Well, we moved into our temporary house in town on Tuesday, and we’ve adjusted quickly to life in the Big House. We’re enjoying cable channels, someone else’s CD and DVD collections, and a grocery store that is less than a mile away.
I only had one concern going into this move, and that was how well our dogs would adjust to the new environment. Because the real inhabitants of this house suffer from pet allergies, Phoebe and Callie are not allowed inside. To add to the shock of becoming around-the-clock outside dogs, they would be having to share the backyard with the Moore’s giant, hyper boxer, Molly.

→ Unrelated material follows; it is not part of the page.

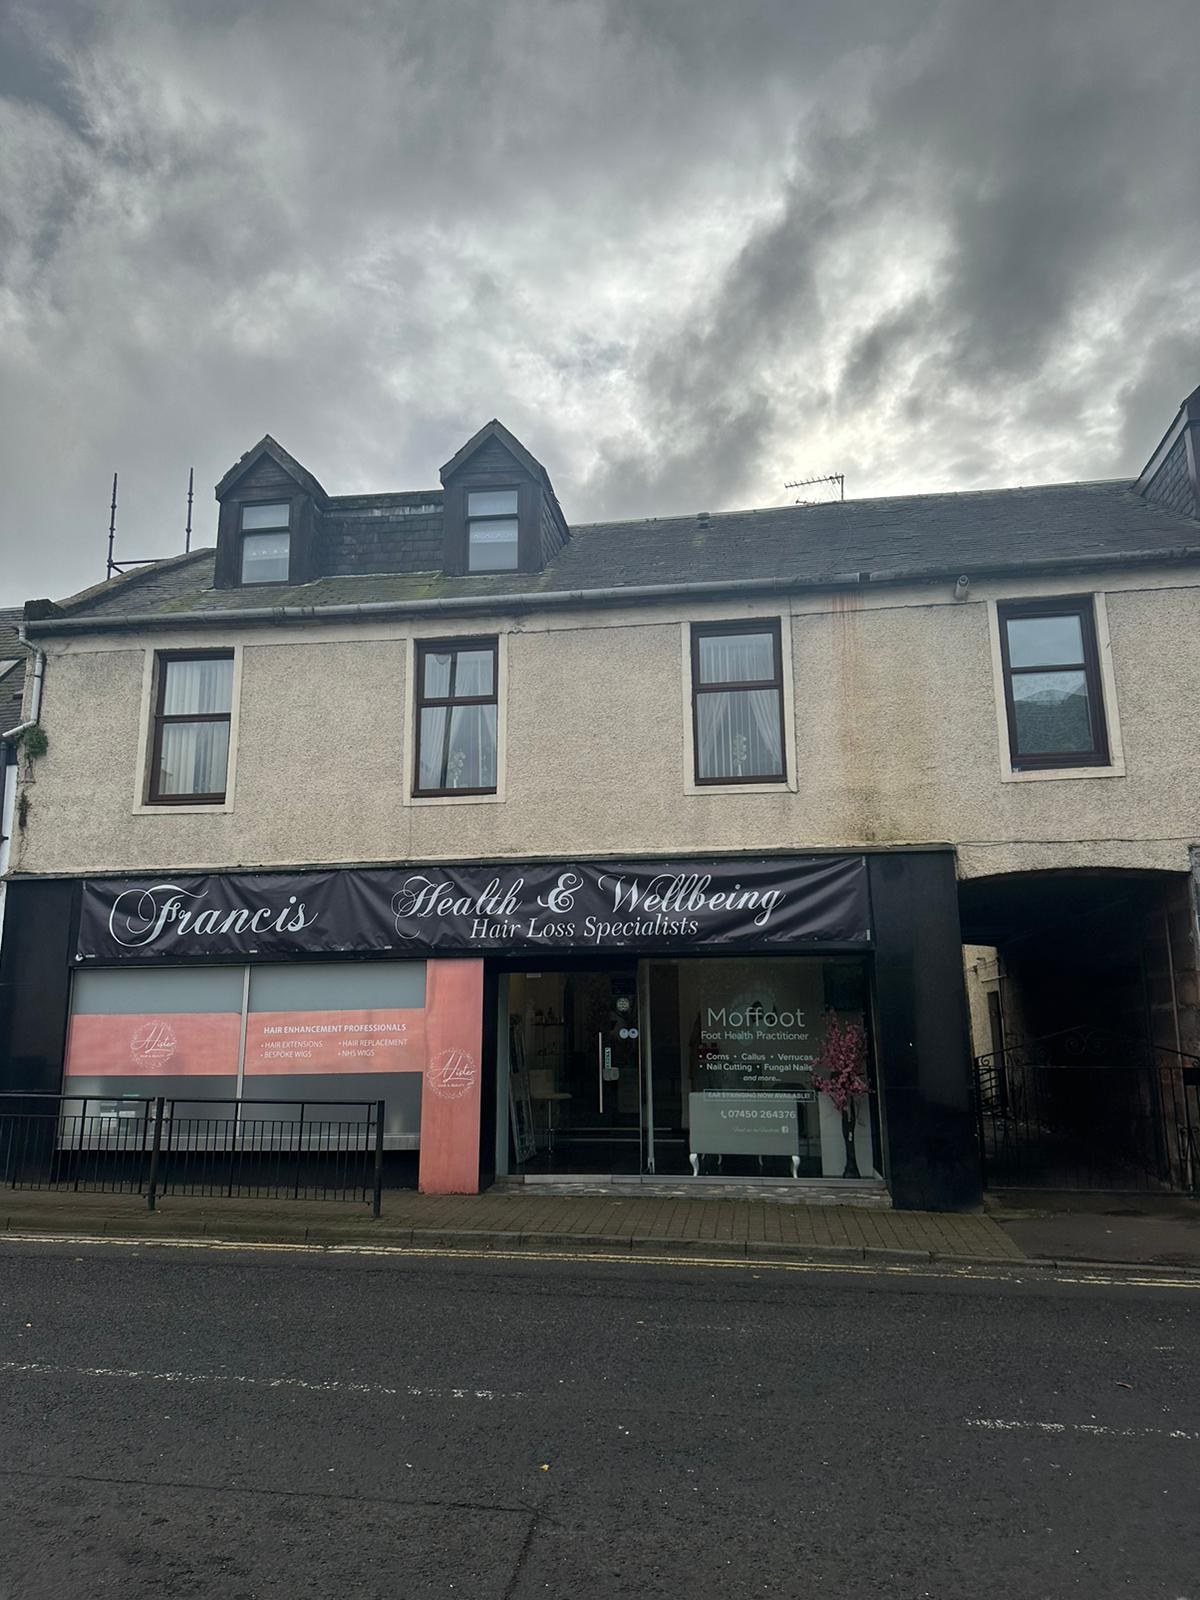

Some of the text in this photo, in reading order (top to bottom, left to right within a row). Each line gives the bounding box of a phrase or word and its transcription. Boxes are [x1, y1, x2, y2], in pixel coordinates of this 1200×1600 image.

I was afraid to leave the house for the first 24 hours of our stay because I was worried that Callie would pick a fight she couldn’t finish, and that Molly would kill her and strew her limbs around the back yard. On that front, things seem to be going okay. The dogs don’t love each other by any means, but they coexist peacefully for the most part. My two dogs have actually commandeered Molly’s doghouse and Molly now sleeps on a bench nearby. In return, Molly asserts her dominance over Callie by drooling all over her face and back about once a day, and they call it even.
The other possible conflict is with the back-fence neighbors. Apparently they have no patience toward barking dogs. According to neighborhood gossip, they called the police on Molly one time on a night when she was barking at an opossum in the yard. Another time, they threw loaves of bread at another neighbor’s barking dog to shut her up.
Now that there are three dogs in our yard, I worry constantly that they will provoke this testy neighbor with their barking. Any time the girls make more than three barks in a row, I run and beat on the windows to make them stop. I’m especially paranoid late at night or in the early morning, when these people might be trying to sleep. Having to get up late at night or early in the morning is also especially annoying when I am trying to sleep myself.
I have to laugh at myself on the rare instance when I go in the back yard and yell at all three dogs at once: “Molly! Callie! Phoebe!”, and it sounds like I am running some sort of boarding school for cheerleaders. The odd one out is my fourth pet responsibility, which is a rabbit named Oreo, but it doesn’t really spoil the motif too much, because I don’t ever really talk to it.
So, in sum, we’re almost one week down and no new enemies or pet emergencies. All is well with house sitting and menagerie maintenance.